アセスメント30

2025-06-12

視覚の次は聴覚についてです。高齢になると耳が遠くなるのはよくあることです。特に聴覚についてあまり気にしない方が多いのが問題です。確かにあまり聞こえなくても日常生活にあまり影響はないと考えがちですが、それは誤りです。
視覚からの情報が7割ほどと言われていますが、聴覚もそれに近いくらい情報の収集が困難になります。
例えば、信号機ですが、視覚障がい者のために音が左右から聞こえるようにしていますが、聴覚障がい者のためには色と時間表示で確かめるしかないのです。もし、色弱であると色の判別が難しくなります。赤、黄、青の表示が左から右に流れるようになっていますが、場所によっては点滅信号になったりするのです。夜間は特に音がでないようにしていますから、視覚と聴覚の障がいがあると信号機の情報を得ることが難しくなります。

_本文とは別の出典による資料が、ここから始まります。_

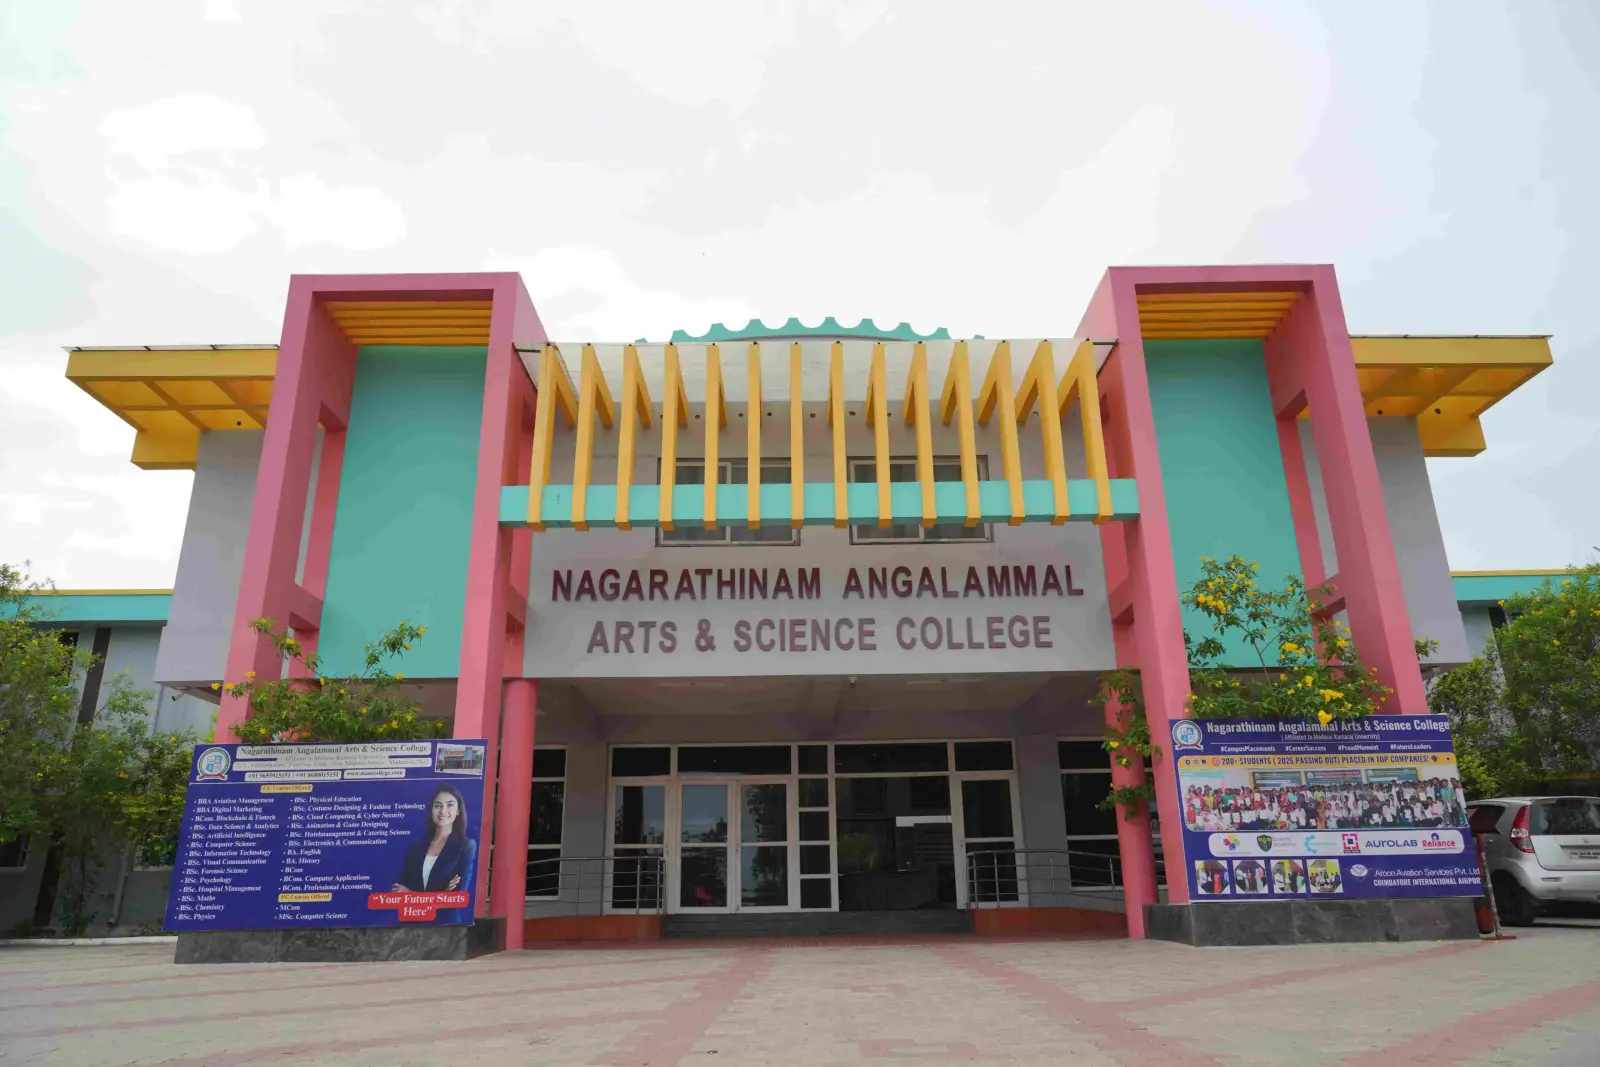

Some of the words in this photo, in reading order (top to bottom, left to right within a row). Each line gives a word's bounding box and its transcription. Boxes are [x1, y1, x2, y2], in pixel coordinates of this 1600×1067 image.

コミュニケーションはほとんどが聴覚で行います。言葉の重要性はケアマネジャーなら良く理解していることでしょう。難しい制度の説明を文字だけで理解するのは、高齢者には酷なことです。易しい言葉で理解しているか確認しながら話をするはずです。この言葉を聞き取れないと筆談をしなければならなくなります。筆談用のホワイトボードやメモ用紙を持参しないといけないことになります。
聴覚障がいも程度がありますが、聴覚障害手帳を取得しているでしょうか?2級から6級までの4段階に分かれています。最も高度の障がいは2級です。この場合は全く聞こえないと思って良いと思います。軽度の聴覚障がいであれば補聴器を使用することをお勧めできるでしょう。補聴器は試用の貸し出しもできます。簡単な集音器を使えるかもしれません。
骨伝導補聴器は外耳から中耳にかけて障がいがある伝音難聴の方であれば利用できます。
加齢性難聴つまり感音難聴ですが、これは内耳に問題があるので骨伝導補聴器は使えないでしょう。高齢者の多くは感音難聴ですから、専門の耳鼻科医にかかり検査をしてもらうことが勧められます。そして耳鼻科医から補聴器の提案を受けると良いでしょう。
障害者手帳を取得していれば、補聴器購入の助成を受けられる可能性もあります。
言語でのコミュニケーションを迅速に行うには、視覚障害がなければスマートホンの音声認識アプリを使うことが有効です。自分の声をかなり正確に認識して、文字起こしをしてくれます。なるべく活舌を良くして、短い文章にして話してみてください。メールをする場合でも、ちょっとしたメモを残すのにも活用できます。これに慣れると、一般の対象者に対しても、会話をすべて音声アプリに記憶することもできるでしょう。AIを使えば、その会話を要約することもできます。何人かの発言も音声を認識して、誰の発言かも分かるようにしてくれます。介護記録も、これで要約されたテキストをコピーすれば良いことになります。福祉機器の進歩はこれからも加速してゆくことでしょう。ケアマネジャーはこうした機器も有効活用して、対象者を良く理解することができるようになると思います。
難聴者であっても適切なアセスメントをしてゆきましょう。